Des études antérieures ont montré que les Incas — des autochtones d’Amérique du Sud dont l’empire s’étendait du nord de l’Équateur au centre du Chili de 1100 aux années 1530 — avaient construit des sites pour marquer les observations solaires vers 1500. En comparaison, la première partie de Stonehenge — des ruines mégalithiques dans le sud de l’Angleterre censées être en corrélation avec le lever et le coucher du Soleil et de la Lune — aurait été achevée vers 3000 av. J.-C.

Cependant, la découverte de 2007 place les cultes du Soleil dans les Amériques à une date antérieure à celle des Incas. Ivan Ghezzi, de la Pontificia Universidad Catolica del Peru et auteur principal de l’étude de 2007, déclare : « Chankillo a été construit environ 1700 ans avant que les Incas ne commencent leur expansion. Maintenant, nous savons que ces pratiques sont un peu plus anciennes et étaient très développées à l’époque de Chankillo ».
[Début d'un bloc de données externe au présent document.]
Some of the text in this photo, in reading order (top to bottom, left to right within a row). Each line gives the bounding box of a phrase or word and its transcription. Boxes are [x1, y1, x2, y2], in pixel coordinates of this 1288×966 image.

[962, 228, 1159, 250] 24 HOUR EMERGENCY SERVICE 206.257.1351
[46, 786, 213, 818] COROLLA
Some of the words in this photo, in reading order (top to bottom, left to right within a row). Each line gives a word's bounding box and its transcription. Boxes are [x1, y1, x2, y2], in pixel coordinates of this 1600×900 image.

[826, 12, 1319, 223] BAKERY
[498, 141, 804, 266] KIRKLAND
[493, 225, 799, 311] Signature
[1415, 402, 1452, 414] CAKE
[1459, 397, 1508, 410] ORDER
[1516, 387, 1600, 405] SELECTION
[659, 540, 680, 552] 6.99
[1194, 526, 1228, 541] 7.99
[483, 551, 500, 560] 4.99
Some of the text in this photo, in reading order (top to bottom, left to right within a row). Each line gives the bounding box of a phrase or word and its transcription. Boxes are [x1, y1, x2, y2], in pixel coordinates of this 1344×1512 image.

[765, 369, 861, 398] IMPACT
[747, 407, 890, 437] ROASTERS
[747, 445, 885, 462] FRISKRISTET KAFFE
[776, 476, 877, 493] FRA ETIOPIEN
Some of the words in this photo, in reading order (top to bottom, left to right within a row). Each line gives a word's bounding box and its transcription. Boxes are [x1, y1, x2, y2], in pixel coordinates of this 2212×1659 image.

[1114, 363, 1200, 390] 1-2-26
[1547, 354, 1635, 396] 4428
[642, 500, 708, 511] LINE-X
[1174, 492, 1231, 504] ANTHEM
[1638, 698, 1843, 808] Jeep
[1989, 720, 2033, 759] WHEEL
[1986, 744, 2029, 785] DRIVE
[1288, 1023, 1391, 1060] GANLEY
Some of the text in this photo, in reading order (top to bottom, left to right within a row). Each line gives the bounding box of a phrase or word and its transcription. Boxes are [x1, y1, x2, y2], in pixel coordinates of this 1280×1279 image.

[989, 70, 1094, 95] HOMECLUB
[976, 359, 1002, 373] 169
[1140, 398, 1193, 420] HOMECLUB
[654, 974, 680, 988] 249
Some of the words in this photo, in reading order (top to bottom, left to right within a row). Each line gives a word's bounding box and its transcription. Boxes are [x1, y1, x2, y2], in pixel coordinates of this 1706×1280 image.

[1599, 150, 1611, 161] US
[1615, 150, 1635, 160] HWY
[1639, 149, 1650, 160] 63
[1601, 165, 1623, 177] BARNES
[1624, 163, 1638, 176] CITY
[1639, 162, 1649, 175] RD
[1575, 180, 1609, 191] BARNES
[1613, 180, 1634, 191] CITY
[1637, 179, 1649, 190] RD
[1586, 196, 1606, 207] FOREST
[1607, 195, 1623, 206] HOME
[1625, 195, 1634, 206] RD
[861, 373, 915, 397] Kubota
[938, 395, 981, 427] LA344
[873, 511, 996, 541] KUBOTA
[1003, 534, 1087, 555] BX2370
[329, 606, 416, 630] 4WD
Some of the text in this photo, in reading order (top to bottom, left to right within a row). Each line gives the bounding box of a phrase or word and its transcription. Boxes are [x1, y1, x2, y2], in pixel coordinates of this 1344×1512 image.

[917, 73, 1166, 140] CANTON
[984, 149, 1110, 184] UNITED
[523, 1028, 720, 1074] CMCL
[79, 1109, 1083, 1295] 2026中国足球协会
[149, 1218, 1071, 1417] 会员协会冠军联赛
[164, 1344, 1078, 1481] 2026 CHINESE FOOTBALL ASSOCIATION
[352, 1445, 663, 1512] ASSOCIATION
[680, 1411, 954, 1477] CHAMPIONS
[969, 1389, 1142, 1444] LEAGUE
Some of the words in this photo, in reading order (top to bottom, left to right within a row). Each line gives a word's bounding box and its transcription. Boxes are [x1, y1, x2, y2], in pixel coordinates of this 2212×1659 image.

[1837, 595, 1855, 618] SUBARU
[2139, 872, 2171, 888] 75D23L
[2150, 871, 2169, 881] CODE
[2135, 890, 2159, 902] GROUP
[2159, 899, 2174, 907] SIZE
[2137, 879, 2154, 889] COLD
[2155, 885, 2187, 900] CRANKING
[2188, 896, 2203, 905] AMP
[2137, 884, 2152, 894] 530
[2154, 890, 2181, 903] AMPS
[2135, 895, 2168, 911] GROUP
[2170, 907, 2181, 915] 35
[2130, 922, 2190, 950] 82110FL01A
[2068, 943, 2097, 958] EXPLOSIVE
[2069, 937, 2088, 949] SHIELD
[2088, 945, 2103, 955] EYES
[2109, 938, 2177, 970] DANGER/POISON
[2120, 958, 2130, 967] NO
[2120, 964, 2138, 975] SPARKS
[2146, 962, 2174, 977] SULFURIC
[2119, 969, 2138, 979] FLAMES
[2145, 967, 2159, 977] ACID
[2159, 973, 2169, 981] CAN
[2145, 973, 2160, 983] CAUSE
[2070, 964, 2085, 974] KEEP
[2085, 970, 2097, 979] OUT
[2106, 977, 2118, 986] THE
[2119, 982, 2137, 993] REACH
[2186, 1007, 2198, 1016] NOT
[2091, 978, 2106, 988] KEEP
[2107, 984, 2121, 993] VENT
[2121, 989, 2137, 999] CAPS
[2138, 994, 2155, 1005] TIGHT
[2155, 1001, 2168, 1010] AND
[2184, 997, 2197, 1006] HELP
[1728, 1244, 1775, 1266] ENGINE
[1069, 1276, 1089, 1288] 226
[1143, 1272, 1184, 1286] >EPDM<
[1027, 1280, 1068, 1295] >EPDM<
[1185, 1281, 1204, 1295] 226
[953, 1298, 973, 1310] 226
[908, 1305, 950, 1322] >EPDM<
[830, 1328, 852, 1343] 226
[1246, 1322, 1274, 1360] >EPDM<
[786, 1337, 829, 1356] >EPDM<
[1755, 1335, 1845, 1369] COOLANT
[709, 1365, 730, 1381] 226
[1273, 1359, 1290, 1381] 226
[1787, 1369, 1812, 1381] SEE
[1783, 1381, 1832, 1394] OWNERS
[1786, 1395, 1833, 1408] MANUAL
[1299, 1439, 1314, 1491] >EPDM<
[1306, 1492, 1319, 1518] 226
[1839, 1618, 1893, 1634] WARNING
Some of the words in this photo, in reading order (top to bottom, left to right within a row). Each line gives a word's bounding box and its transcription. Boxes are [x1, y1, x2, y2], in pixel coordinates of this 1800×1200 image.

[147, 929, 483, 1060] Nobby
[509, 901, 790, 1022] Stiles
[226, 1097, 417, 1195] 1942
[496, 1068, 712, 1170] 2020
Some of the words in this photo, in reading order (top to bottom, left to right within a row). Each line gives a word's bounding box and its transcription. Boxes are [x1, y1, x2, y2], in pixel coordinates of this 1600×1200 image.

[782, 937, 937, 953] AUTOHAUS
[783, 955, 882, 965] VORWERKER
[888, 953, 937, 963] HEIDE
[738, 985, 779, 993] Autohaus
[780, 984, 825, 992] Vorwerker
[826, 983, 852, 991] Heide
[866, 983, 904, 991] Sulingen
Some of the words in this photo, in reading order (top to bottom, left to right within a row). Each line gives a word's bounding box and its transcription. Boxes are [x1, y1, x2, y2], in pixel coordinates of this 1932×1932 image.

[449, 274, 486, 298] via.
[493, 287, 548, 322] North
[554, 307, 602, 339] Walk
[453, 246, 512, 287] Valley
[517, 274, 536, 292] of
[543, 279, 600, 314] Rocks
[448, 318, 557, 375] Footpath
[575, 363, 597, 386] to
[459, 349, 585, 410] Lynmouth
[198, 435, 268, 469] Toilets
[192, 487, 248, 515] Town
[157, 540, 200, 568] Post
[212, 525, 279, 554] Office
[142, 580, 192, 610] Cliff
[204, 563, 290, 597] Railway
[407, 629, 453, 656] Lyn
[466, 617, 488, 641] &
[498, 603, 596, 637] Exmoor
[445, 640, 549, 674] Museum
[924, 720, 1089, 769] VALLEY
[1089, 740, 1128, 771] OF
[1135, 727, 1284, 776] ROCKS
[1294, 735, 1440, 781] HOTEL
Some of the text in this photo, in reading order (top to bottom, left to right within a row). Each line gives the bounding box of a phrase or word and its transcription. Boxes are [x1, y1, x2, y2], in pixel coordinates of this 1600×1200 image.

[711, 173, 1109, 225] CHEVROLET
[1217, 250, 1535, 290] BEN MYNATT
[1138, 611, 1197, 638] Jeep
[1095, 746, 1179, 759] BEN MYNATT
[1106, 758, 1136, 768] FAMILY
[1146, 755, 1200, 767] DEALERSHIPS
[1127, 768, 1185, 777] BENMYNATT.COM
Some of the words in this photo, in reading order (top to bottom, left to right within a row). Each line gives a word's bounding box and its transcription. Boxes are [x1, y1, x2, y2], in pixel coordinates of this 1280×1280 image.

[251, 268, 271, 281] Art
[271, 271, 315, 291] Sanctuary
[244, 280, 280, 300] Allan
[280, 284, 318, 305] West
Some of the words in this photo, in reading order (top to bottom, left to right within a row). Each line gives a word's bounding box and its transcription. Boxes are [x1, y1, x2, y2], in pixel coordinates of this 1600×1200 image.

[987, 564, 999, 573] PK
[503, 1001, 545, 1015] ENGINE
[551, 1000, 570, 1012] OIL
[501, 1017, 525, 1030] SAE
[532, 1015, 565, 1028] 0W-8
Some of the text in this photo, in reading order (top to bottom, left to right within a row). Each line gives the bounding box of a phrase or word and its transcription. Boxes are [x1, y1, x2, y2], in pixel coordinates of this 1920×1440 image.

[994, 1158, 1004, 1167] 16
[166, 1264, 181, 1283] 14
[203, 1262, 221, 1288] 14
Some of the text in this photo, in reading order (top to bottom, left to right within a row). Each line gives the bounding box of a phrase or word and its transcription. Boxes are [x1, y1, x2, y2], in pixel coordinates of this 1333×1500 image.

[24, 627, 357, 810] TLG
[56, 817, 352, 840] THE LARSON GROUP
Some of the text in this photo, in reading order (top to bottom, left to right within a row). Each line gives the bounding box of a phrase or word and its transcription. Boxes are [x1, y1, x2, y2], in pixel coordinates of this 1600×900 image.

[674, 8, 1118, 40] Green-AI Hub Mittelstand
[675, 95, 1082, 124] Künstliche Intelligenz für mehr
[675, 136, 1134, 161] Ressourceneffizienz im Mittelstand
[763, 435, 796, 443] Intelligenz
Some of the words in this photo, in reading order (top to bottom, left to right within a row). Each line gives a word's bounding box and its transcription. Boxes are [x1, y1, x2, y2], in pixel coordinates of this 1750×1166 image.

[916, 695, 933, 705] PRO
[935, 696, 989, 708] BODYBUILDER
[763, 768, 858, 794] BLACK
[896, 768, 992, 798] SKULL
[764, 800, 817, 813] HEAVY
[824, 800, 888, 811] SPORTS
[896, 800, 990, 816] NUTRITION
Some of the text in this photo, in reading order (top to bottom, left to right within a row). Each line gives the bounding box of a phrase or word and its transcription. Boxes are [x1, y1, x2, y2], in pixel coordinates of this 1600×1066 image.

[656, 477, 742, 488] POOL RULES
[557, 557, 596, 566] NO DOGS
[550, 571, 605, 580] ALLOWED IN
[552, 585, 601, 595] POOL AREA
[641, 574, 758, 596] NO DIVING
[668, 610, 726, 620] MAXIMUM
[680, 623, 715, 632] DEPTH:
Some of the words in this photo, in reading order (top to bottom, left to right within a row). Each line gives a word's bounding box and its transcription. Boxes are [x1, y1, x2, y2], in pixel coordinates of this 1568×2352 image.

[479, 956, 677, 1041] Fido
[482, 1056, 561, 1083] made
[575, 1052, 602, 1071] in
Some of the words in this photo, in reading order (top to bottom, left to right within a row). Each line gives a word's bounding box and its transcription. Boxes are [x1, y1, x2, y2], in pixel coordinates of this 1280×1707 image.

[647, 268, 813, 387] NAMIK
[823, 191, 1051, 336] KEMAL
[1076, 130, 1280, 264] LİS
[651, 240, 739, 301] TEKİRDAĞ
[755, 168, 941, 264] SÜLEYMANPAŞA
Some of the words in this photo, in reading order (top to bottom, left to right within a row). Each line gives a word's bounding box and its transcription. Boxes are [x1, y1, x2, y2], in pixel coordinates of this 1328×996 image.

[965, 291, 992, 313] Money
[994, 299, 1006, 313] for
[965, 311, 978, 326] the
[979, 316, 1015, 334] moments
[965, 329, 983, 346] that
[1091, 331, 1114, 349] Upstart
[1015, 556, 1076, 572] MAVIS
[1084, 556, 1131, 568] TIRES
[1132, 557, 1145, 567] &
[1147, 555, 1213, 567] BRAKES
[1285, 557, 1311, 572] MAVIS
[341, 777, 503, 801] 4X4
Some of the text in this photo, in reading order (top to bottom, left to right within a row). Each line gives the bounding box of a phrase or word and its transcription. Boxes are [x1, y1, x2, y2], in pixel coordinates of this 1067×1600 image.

Comme mentionné plus haut, les chercheurs semblent attribuer cette construction à la culture Casma-Sechin. Semblable aux Incas, cette civilisation aurait probablement considéré le Soleil comme une sorte de divinité. Les escaliers menant à chaque tour suggèrent fortement que le site était autrefois utilisé pour des rituels. Selon les fouilles archéologiques, l’observatoire a probablement été construit entre 500 et 200 avant notre ère. Puis, pour une raison inconnue, le site a été abandonné et les tours se sont délabrées. À leur apogée, les archéologues expliquent que les structures auraient été enduites de jaune, d’ocre ou de blanc et peintes de symboles ou d’empreintes de mains.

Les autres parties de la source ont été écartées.